Au cours des derniers mois, des membres du gouvernement ont été attaqués par des personnes non identifiées. Le 28 novembre 2016, des hommes armés ont attaqué et blessé Willy Nyamitwe, le conseiller en communication du président, près de son domicile à Bujumbura. Le 31 décembre, un homme armé a abattu Emmanuel Niyonkuru, ministre de l’Environnement du Burundi, chez lui à Bujumbura. Plusieurs suspects ont été arrêtés dans ces deux cas.
Le Conseil des droits de l’homme des Nations Unies a adopté une résolution en septembre 2016 pour mettre en place une commission d’enquête sur les violations des droits humains commises au Burundi depuis avril 2015, afin de déterminer si ces violations peuvent constituer des crimes internationaux. Cette commission est également mandatée pour identifier les personnes présumées responsables dans le but de garantir la justice pour les crimes commis. Des autorités burundaises ont déclaré qu’elles refuseront de travailler avec la commission.
En juillet 2016, le Conseil de sécurité de l’ONU a adopté une résolution autorisant le déploiement de 228 agents de police non-armés au Burundi en appui aux observateurs des droits humains de l’ONU. Les autorités burundaises ont refusé un tel déploiement.
Le Conseil de sécurité de l’ONU devrait imposer des interdictions de voyager et le gel des avoirs contre les individus responsables de violations des droits humains en cours au Burundi, selon Human Rights Watch.
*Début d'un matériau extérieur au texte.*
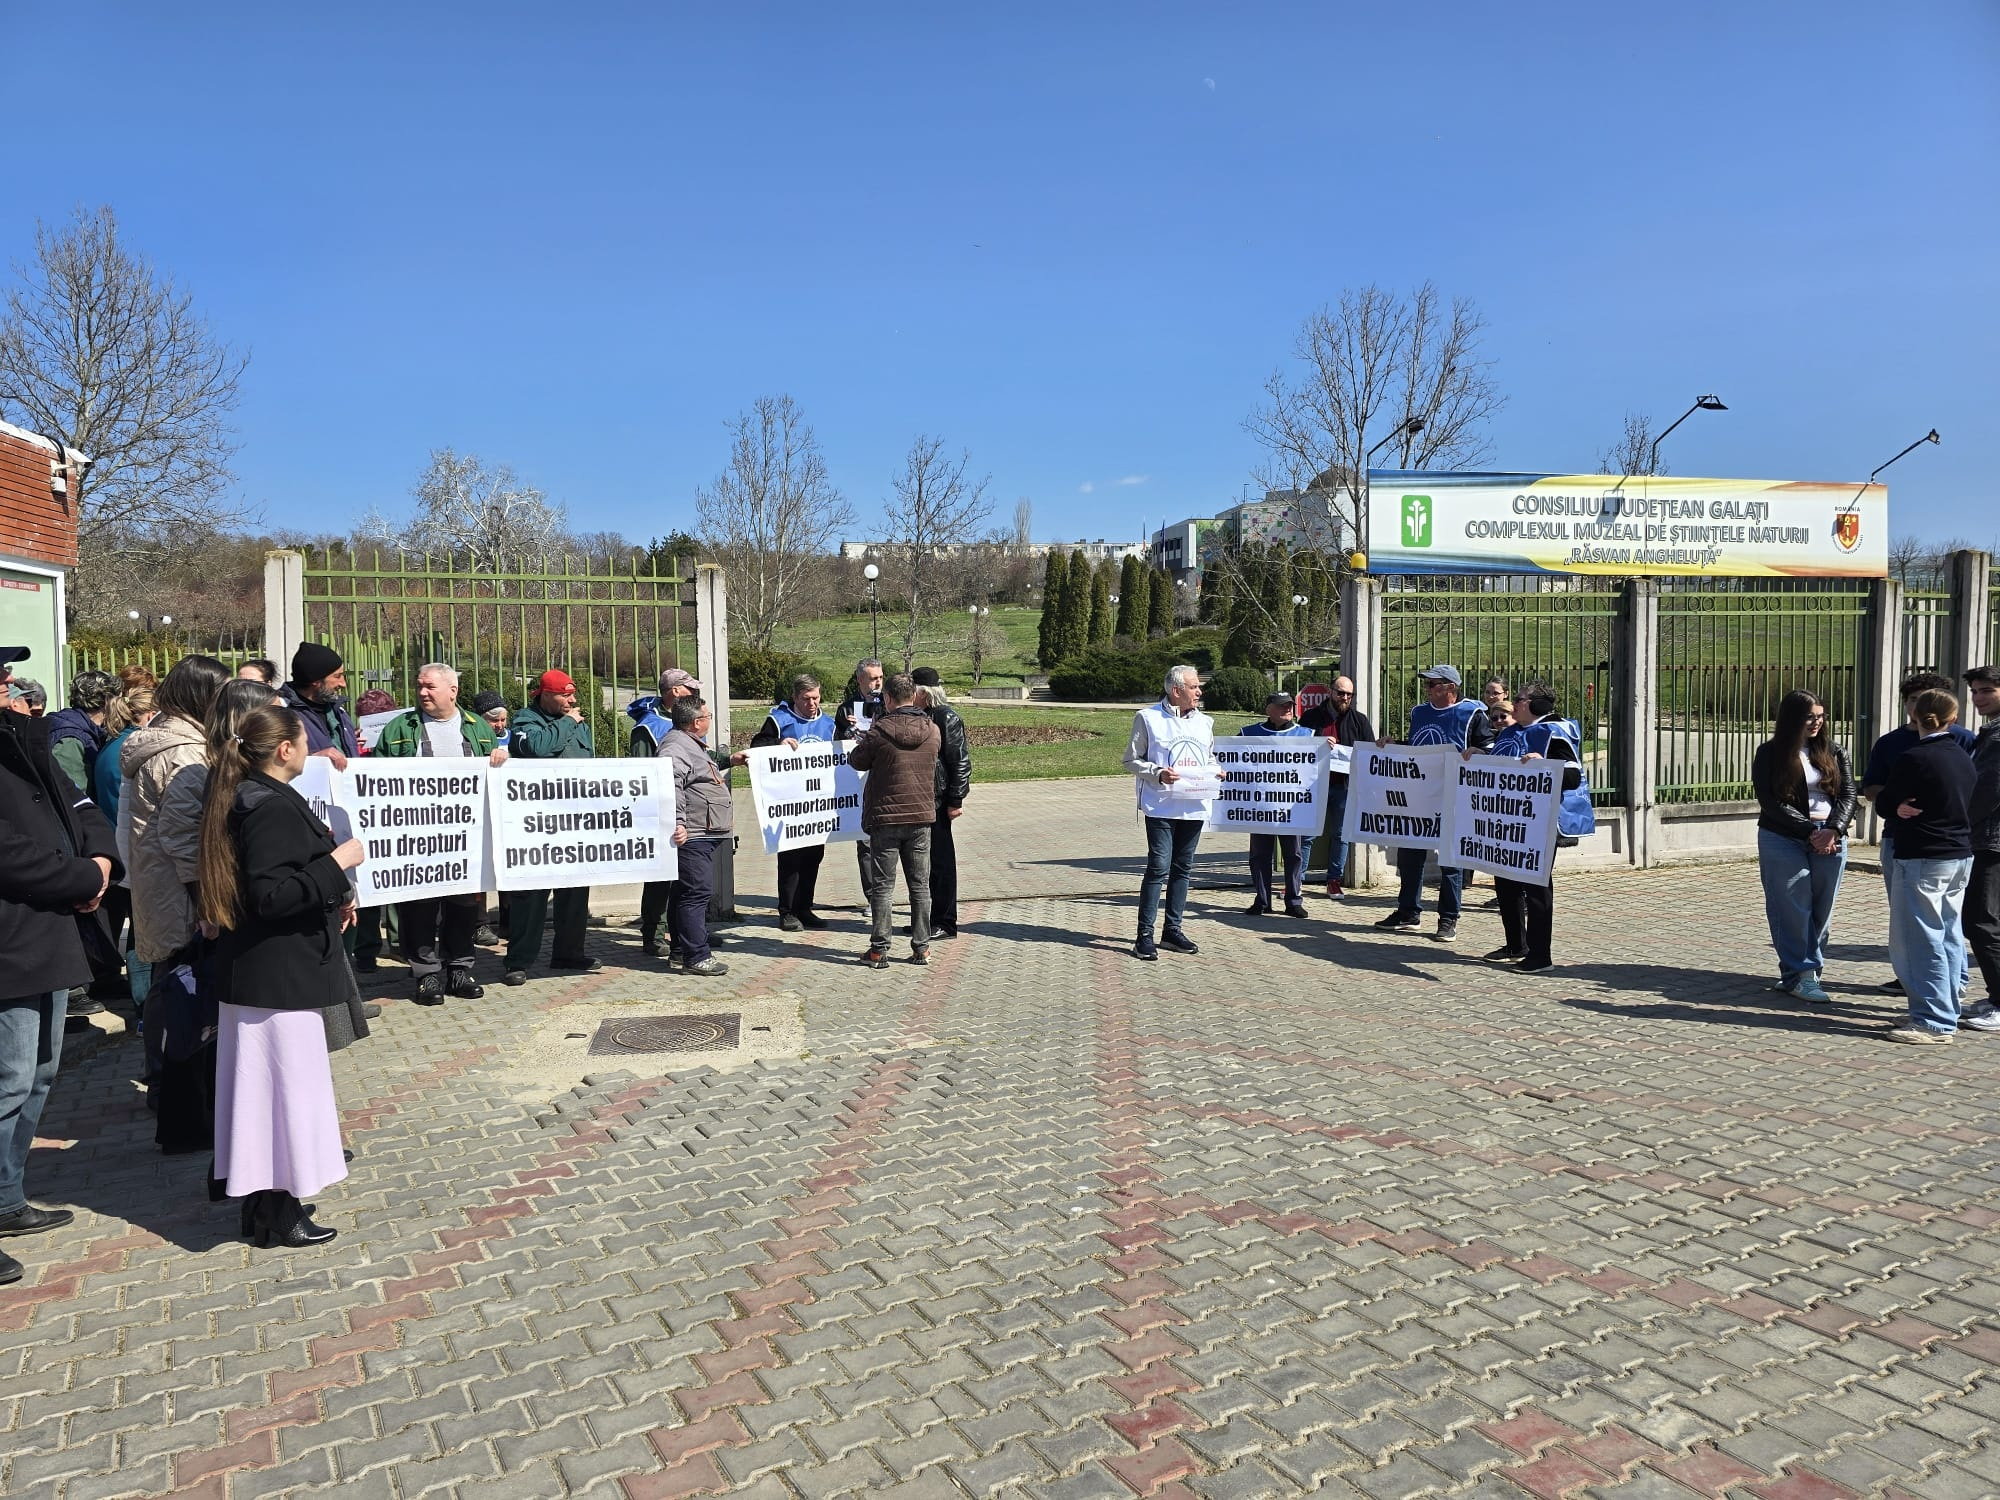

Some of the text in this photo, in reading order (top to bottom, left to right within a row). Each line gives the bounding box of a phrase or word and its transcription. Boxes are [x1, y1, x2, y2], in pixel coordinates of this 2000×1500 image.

[1512, 495, 1610, 516] CONSILIUL
[1709, 500, 1769, 525] GALAȚI
[1465, 520, 1810, 546] COMPLEXUL MUZEAL DE ȘTIINȚELE NATURII
[768, 757, 803, 774] Vrem
[1241, 750, 1316, 764] conducere
[1369, 755, 1426, 781] Cultură,
[355, 774, 479, 798] Vrem respect
[506, 776, 649, 803] Stabilitate și
[805, 778, 821, 792] nu
[1220, 769, 1302, 785] ompetentă,
[1458, 766, 1496, 789] Pentru
[1498, 771, 1553, 794] școală
[768, 793, 859, 819] comportament
[1217, 788, 1313, 804] entru o muncă
[1386, 789, 1408, 807] nu
[1481, 794, 1537, 820] cultură,
[358, 803, 476, 833] și demnitate,
[523, 806, 633, 834] siguranță
[785, 816, 841, 840] incorect!
[1227, 807, 1292, 824] eficientă!
[1359, 811, 1442, 839] DICTATURĂ
[1474, 818, 1527, 844] nu hârtii
[368, 830, 467, 859] nu drepturi
[506, 836, 655, 869] profesională!
[1460, 836, 1541, 872] fără măsură!
[372, 858, 468, 890] confiscate!
Le Conseil de sécurité devrait créer un panel d’experts pour identifier les responsables burundais, qu’ils fassent partie du gouvernement ou de l’opposition, les plus responsables pour les exécutions sommaires, les actes de torture et autres graves violations des droits humains commises depuis avril 2015.
Le cadre des sanctions devrait inclure des exemptions à des fins humanitaires et veiller à ce que les sanctions fassent l’objet d’une procédure régulière, ainsi que des dispositions visant à lever ou suspendre les sanctions si les personnes sanctionnées corrigent ces abus ou si les autorités burundaises assurent une justice adéquate pour les crimes graves. Ainsi, le gel des avoirs et les interdictions de voyager cibleraient directement les personnes responsables d’abus et n’auraient aucun effet négatif sur la population burundaise dans son ensemble.
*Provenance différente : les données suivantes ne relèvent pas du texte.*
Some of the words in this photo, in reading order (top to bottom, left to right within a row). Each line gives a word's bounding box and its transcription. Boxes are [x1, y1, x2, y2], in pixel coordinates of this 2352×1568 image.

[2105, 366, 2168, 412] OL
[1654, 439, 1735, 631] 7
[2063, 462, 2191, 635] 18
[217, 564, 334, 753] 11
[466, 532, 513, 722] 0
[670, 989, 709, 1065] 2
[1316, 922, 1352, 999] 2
La Commission d’enquête de l’ONU devrait rapidement ouvrir son enquête. Elle devrait mettre l’accent dans son enquête sur les meurtres et autres abus commis par des Imbonerakure afin d’identifier les membres des Imbonerakure ainsi que les agents des forces de sécurité et les membres du gouvernement ou du parti au pouvoir les plus responsables de ces crimes.
De plus, si la Cour pénale internationale (CPI) trouve suffisamment de preuves pour justifier une enquête approfondie, elle devrait l’entreprendre le plus rapidement possible et enquêter sur les abus commis par les Imbonerakure – notamment toute personne occupant des postes de haut rang responsable de planifier, d’aider ou de ne pas empêcher des crimes contre l’humanité.
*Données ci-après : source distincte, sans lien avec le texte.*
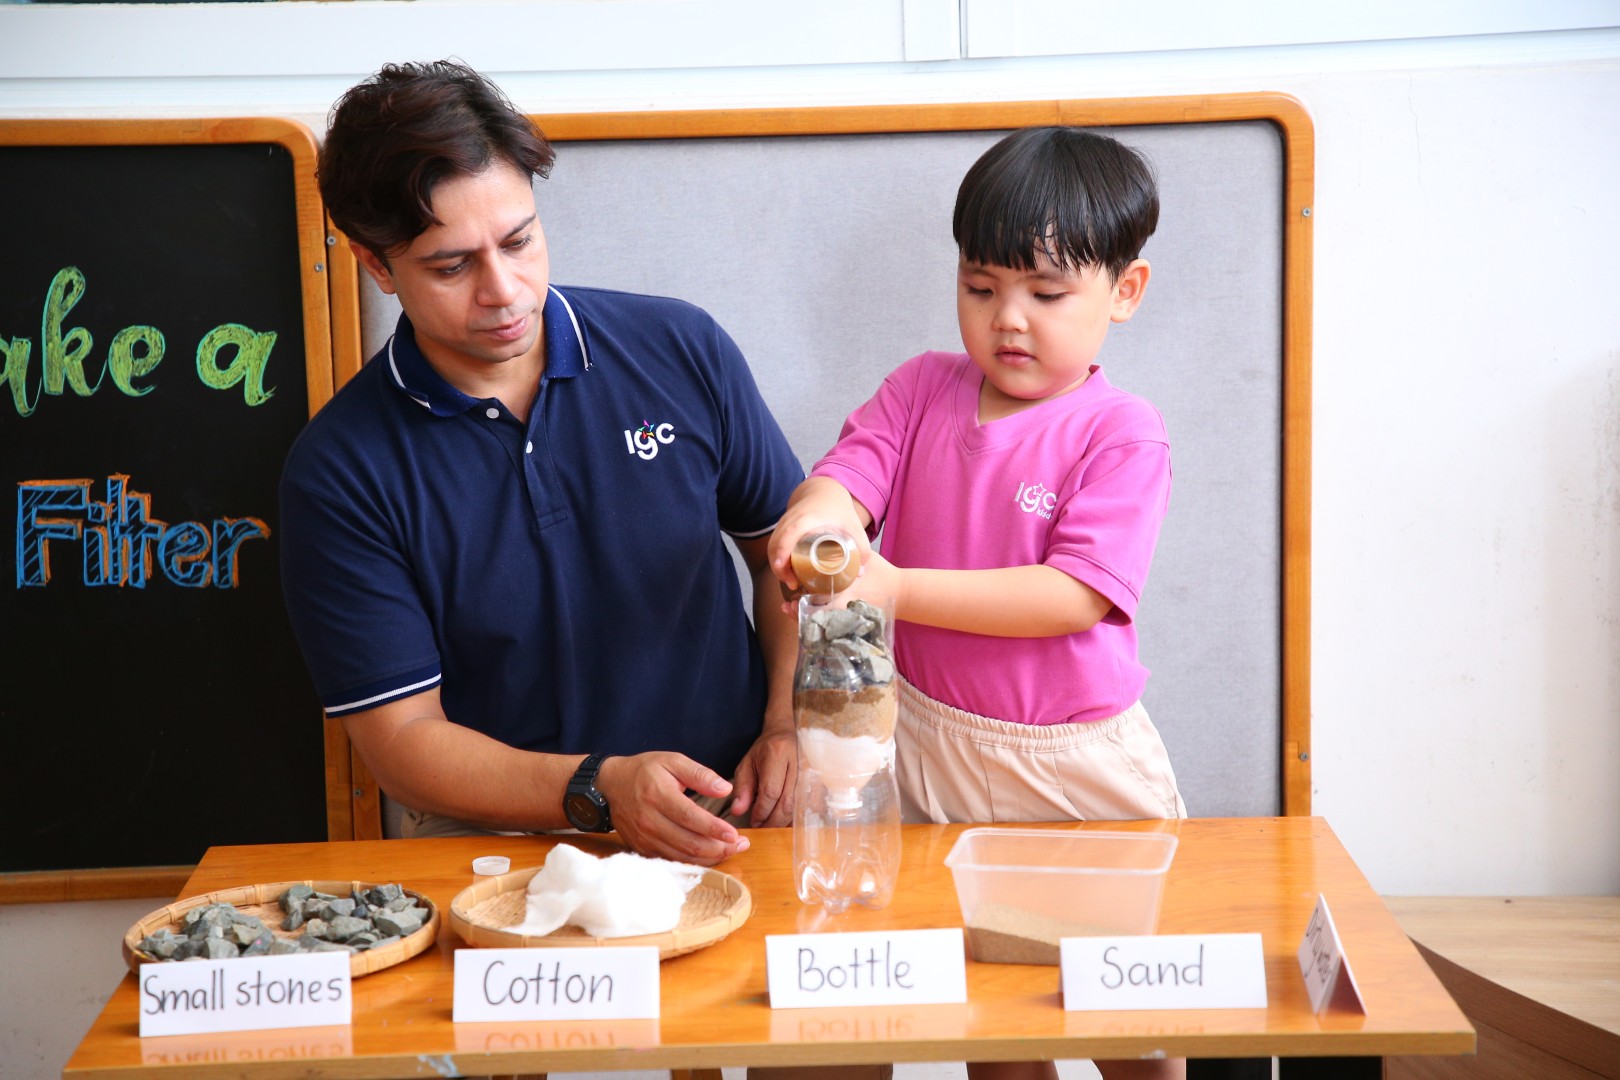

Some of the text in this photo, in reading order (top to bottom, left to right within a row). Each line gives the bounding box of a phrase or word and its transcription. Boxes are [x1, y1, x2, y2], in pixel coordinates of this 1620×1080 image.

[196, 322, 278, 406] a
[16, 472, 271, 589] Filter
[483, 960, 614, 1006] Cotton
[797, 940, 914, 992] Bottle
[1100, 943, 1204, 989] Sand
[143, 968, 343, 1015] Small stones
« L’ONU, la CPI ainsi que les partenaires régionaux et internationaux du Burundi, devraient se mobiliser aux plus hauts niveaux et prendre des mesures de toute urgence afin de traduire en justice les personnes portant la plus grande responsabilité pour les crimes graves perpétrés contre les Burundais, et afin de mettre un terme aux violences et aux abus commis au Burundi », a conclu Ida Sawyer.